Some are on missiles with
intercontinental range that have improving accuracy and can reach the continental U.S.
Russia offers another reason for worry.
NEW START, (‘Strategic Arms Reduction Talks’) the principal arms control agreement between Russia and the United States, is due to expire in February 2026.
Russia might well refuse to extend the treaty, possibly because the performance of its armed forces in Ukraine has left it
more dependent than ever on its nuclear arsenal.
Or it may seek to barter its willingness to continue abiding by for U.S. concessions on Ukraine.

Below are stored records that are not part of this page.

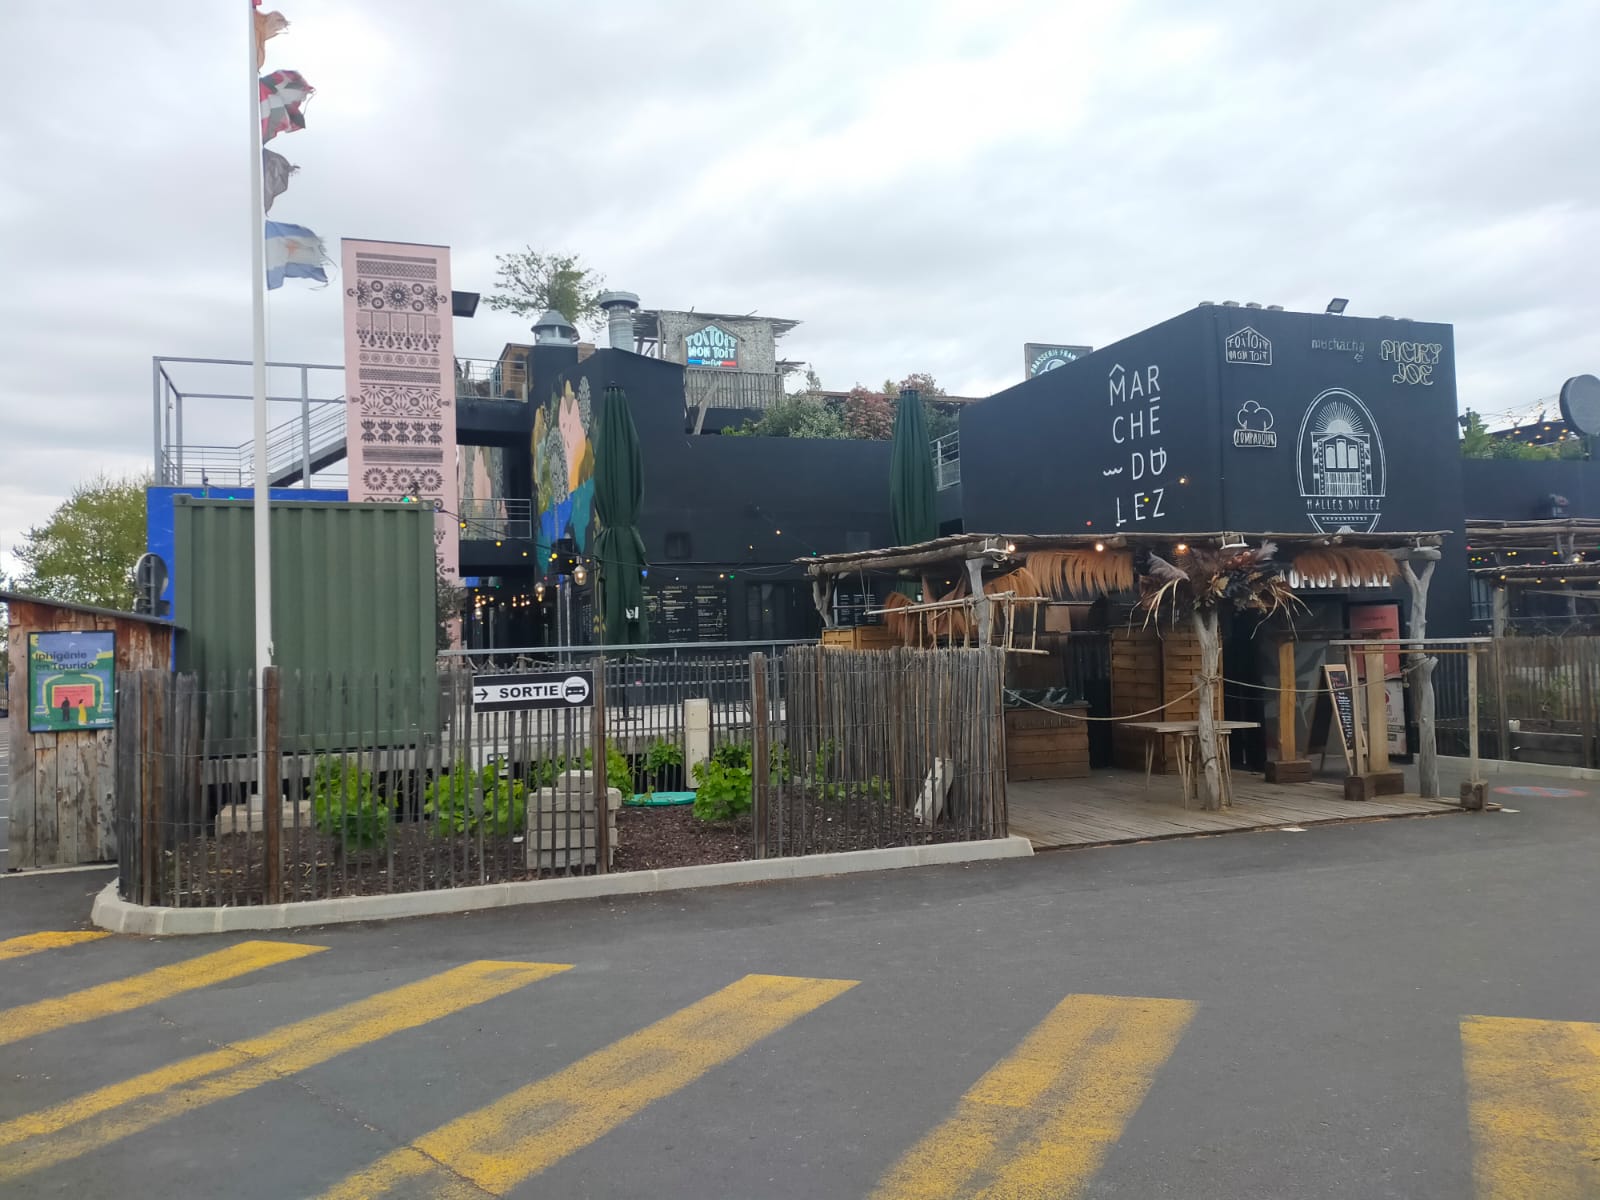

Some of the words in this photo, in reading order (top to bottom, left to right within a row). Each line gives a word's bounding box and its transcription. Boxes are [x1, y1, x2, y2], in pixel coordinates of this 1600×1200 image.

[1392, 362, 1434, 386] JOE
[1131, 446, 1167, 481] DU
[1116, 487, 1166, 525] LEZ
[1306, 499, 1343, 511] HALLES
[1348, 499, 1360, 510] DU
[1364, 499, 1381, 511] LEZ
[499, 684, 560, 699] SORTIE

What worries Washington is not only
what Russia might do but also that the U.S. now faces
three adversaries with nuclear weapons who
could coordinate their policies and
pose a unified front in a crisis.
All this is prompting Washington to
rethink its own nuclear posture.
As
David Sanger reported for
The New York Times, the U.S. government reportedly completed its periodic review of its nuclear forces and is grappling with how to adjust its posture to contend with this new reality.
At a minimum, billions of dollars will be spent on a new generation of bombers, missiles, and submarines.

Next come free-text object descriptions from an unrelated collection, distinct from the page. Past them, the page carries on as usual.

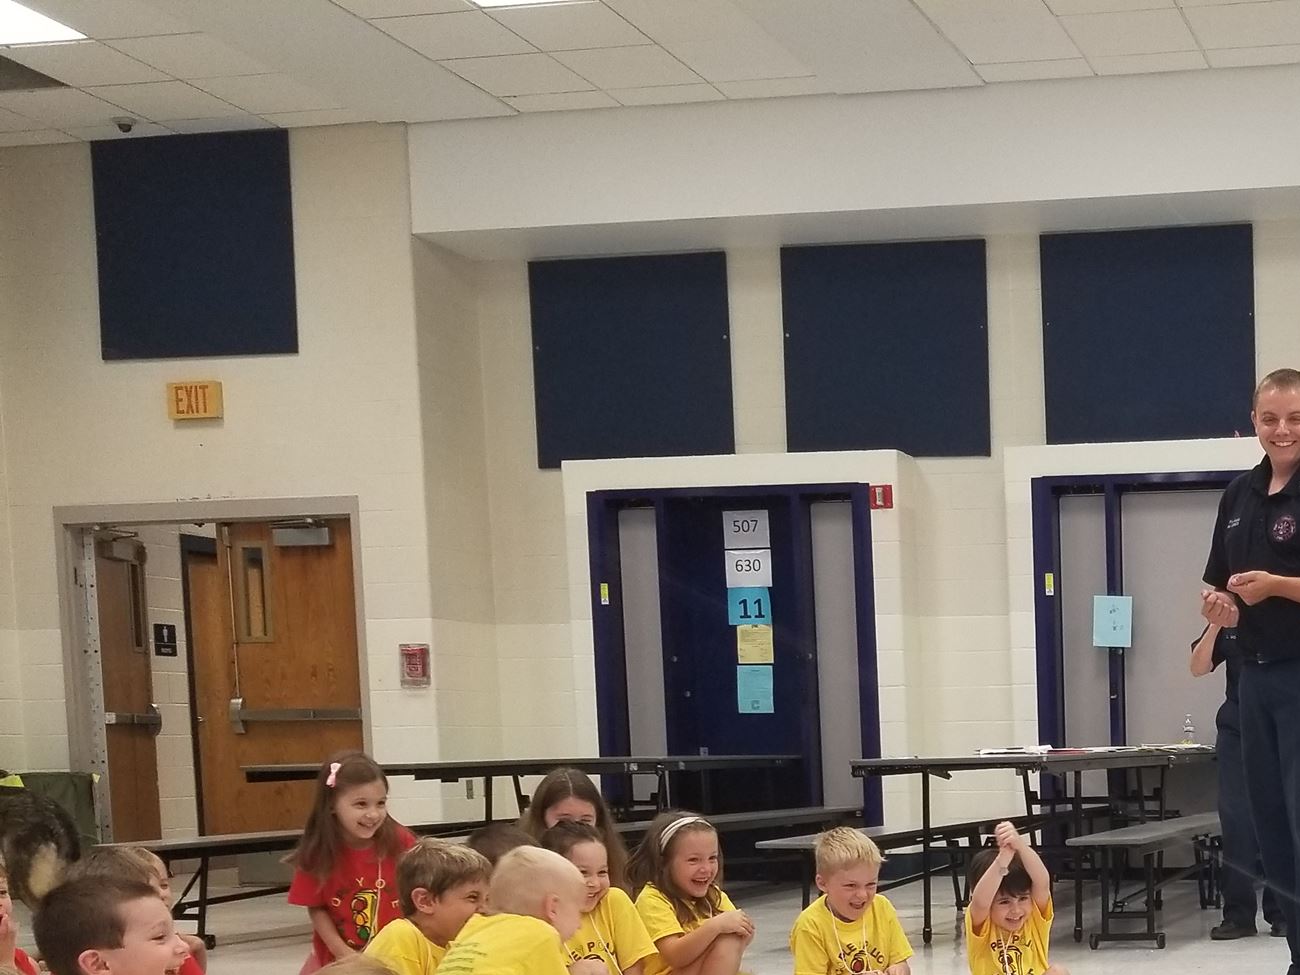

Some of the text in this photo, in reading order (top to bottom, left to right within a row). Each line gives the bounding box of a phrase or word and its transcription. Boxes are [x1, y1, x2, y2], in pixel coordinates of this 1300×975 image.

[174, 384, 211, 415] EXIT
[732, 519, 759, 534] 507
[734, 558, 762, 573] 630
[738, 598, 766, 619] 11
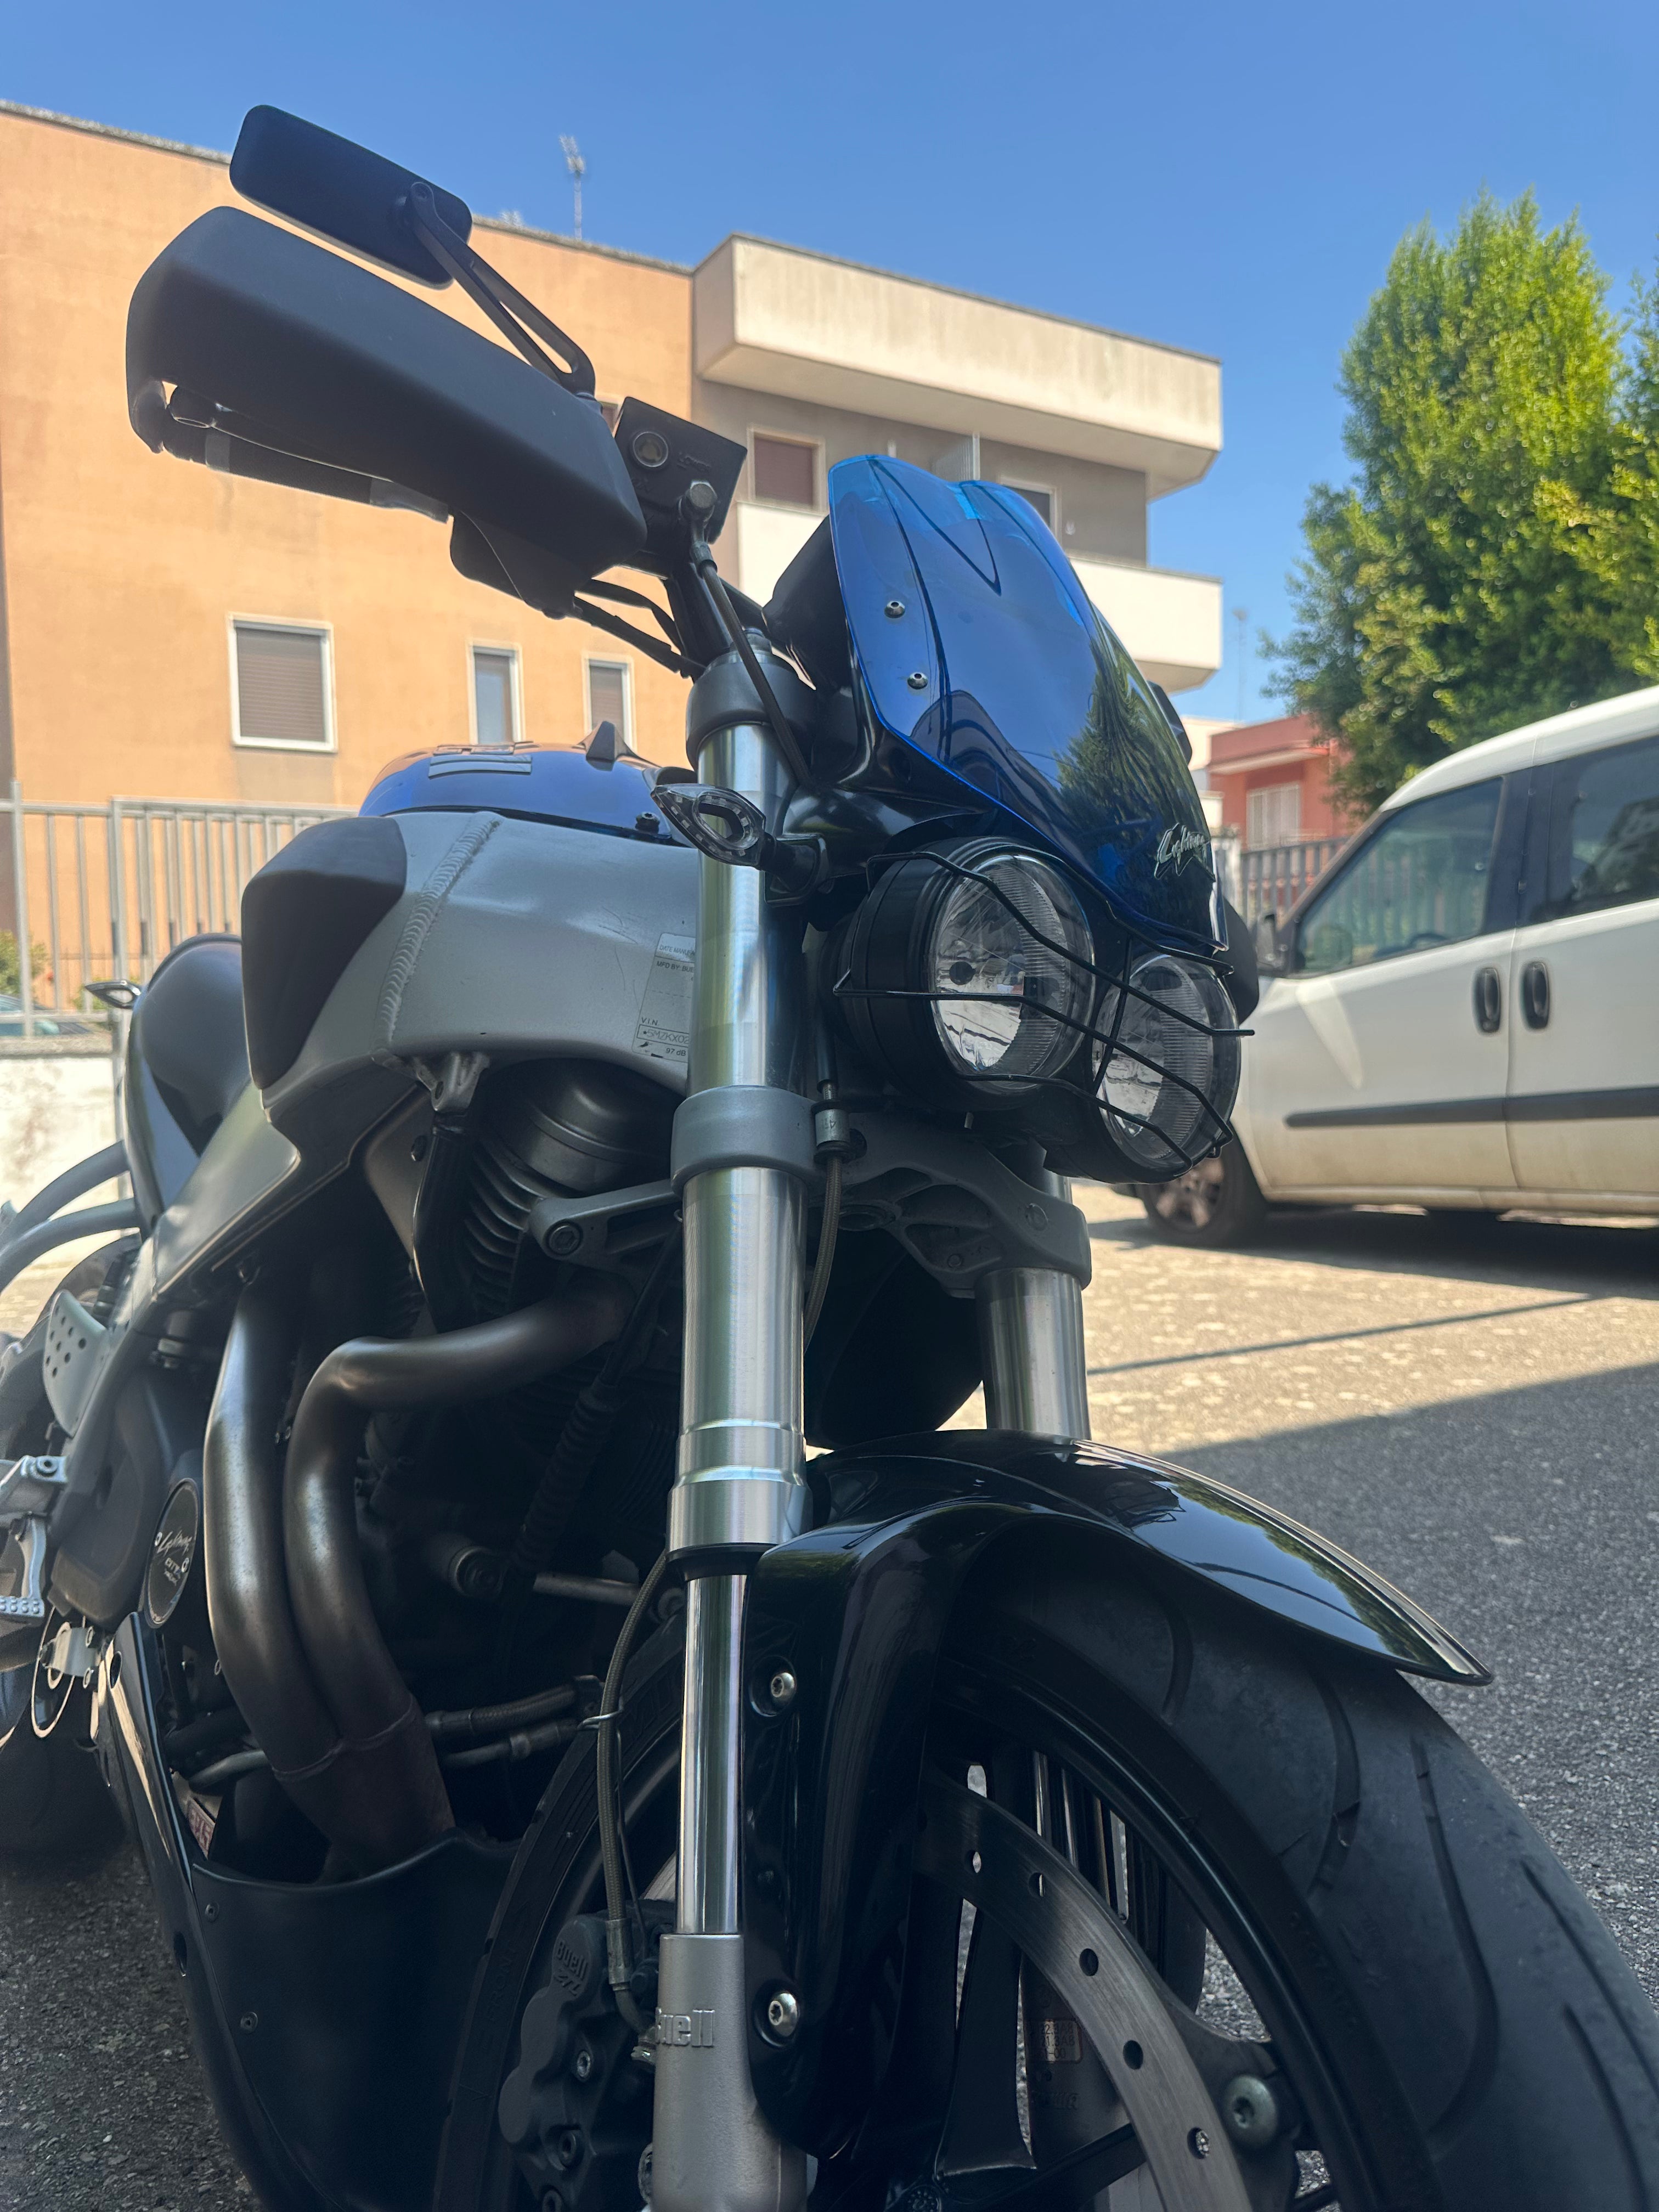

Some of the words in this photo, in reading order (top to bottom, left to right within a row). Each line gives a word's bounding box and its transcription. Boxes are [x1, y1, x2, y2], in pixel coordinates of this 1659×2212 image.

[659, 944, 673, 952] DATE
[656, 961, 670, 969] MFD
[556, 1939, 589, 1980] Buell

At worst, we could be entering an era of
unstructured nuclear competition.
It all adds up to
an extremely dangerous moment.
The
taboo associated with nuclear weapons has grown weaker since the U.S. used them twice against Japan – in
Hiroshima and
Nagasaki – to hasten World War II’s end.
Indeed, Vladimir Putin and other Russian officials have hinted strongly at their readiness to use nuclear weapons in the context of the war in Ukraine. They don’t seem to realize that their first use would trigger MAD – mutually assured destruction!
Nuclear weapons did play a
stabilizing role during the Cold War.
But, three and a half decades after the Cold War’s end,
a new world order is emerging, one characterized by nuclear arms races, potential new entrants into an ever less exclusive nuclear weapons club, and a long list of deep disagreements in the Middle East, Europe, and Asia.
Haass evaluates that this is not a situation that lends itself to a
solution, but at best to
effective management.
Consequently, “One can only hope that the leaders of this era will be up to the challenge.”